Shields flared and went out in Àurea’s fleet, her ships unprepared for the ferocity of the assault.

  Answering blasts claimed some of the attackers, but their number was too great. Before the Ingumend ships could redeploy, the flotilla swept past, driving hard back to their point of origin. They left shock and disarray in their wake, and two Ingumend capital ships burning from stem to stern. Several others had taken significant damage. The sudden strike was a complete reversal of the Church’s tactics, and Àurea was at a loss for how to respond.

  As her gaze followed this new group across the tac display, several larger dots winked into play around them.

  More ships? Àurea drew a sharp breath.

  Another fleet!

  An entire task force just lying in wait for them, closing around the Ingumend like the jaws of a giant beast.

  And these ships weren’t inclined to be nearly as passive.

  The ship shook with multiple impacts, as the Church force behind them unleashed the full fury of their weaponry. The surprise sortie had been a feint, she realised. A more organised force might have given pursuit, flying right into the teeth of these new arrivals.

  For once, their inefficiency had actually saved some lives.

  “Away!” she shouted, above the commotion and comm-chatter. “Full speed to Helicon Prime!”

  The way she saw it, they could hang back and endure this new onslaught, or put as much distance as possible between them and the ships that were settling in behind them.

  We were headed that way anyway…

  “Keep watch for boarding skiffs,” Sera reminded the crew. “Save all short-range batteries for them alone, we can’t risk any getting through.”

  “I see a second wave of skiffs leaving the carrier group on the right,” Lantz reported.

  Àurea grabbed the comm officer’s shoulder. “Warn the other ships!”

  A feeling of hopelessness washed over Àurea, as she saw the skiffs fanning out. There were dozens of them, the soldiers inside more than a match for her ragged group of volunteers.

  Yet again, her mother came to her aid. “Comms! Have the fighters form a screen ahead of us. Get the Folly to hang back and keep that pincer force off us. Tactical!” she looked along the line of consoles. “I want one of you dedicated to sharing our data with the other ships. Concentrate on the skiffs; anything they’ve got, add it to ours. The rest of you pick a sector each and watch them like hawks.
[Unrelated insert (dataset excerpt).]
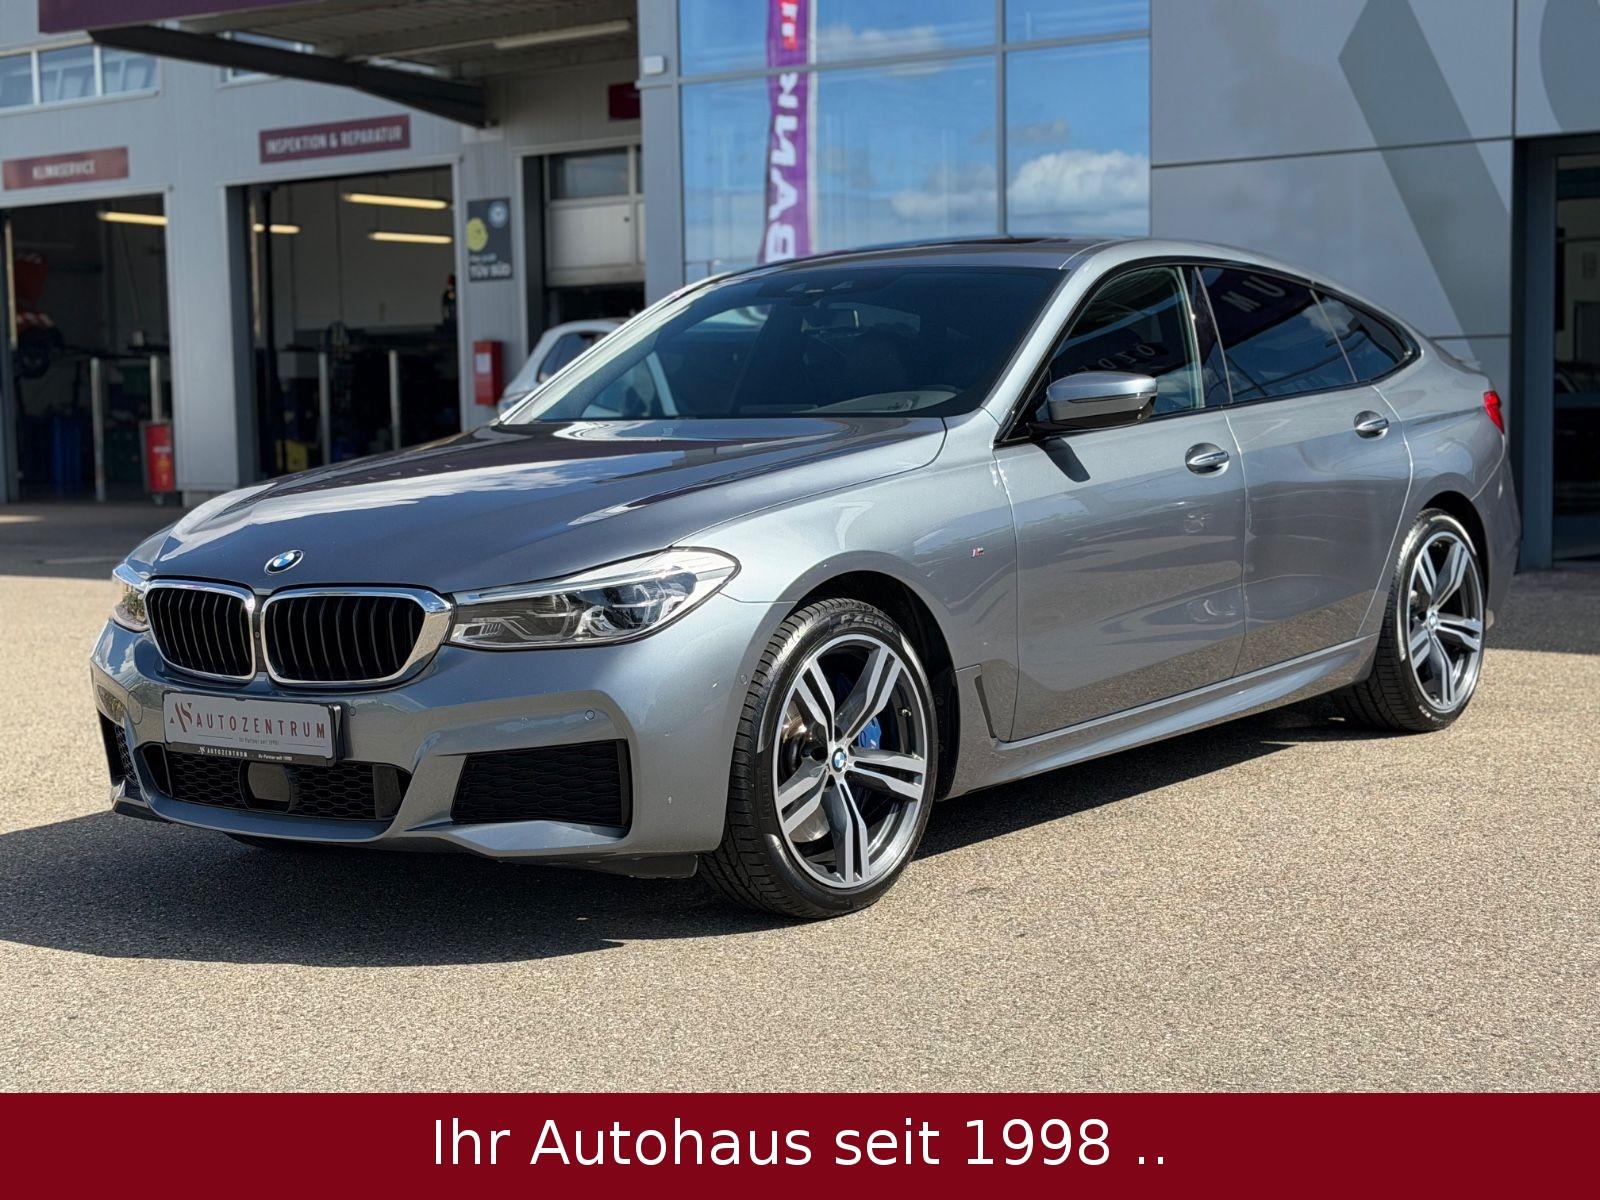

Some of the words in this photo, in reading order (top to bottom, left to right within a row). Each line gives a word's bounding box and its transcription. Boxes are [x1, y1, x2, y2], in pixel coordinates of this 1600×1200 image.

[329, 131, 338, 149] &
[196, 712, 325, 740] AUTOZENTRUM
[207, 748, 248, 758] AUTOZENTRUM
There’s too many ships out there for you all to be watching all of them.”

  She received a chorus of “Yes ma’am,” in response.

  The comms officer was paying strict attention, firing off encrypted messages as fast as Sera was dictating them. Now he waved for her attention. “Signal from Captain Seneka. On screen?”

  Captain Nikolau stirred in his seat. “He’s still alive? Yes, put him on.”

  The Captain Seneka who appeared, grinning ear to ear, was very different to the petrified man they’d seen earlier. “Nikolau, they surrendered!” the captain beamed. “Every one of the boarders! They came through the breach with their hands up, and asked if they could join our rebellion!”

  “What?” Nikolau glowered. “That’s… is that…?”

  “It’s a trick,” Sera said at once. “They’re trying to lull us.”

  “Who the hell are you?” Seneka roared, obviously displeased with her challenge. “I’m telling you, we’ve got these men and their weapons. They’re cooling off in the brig for now, but if we need ground troops when we reach the surface they’ll be on my team.”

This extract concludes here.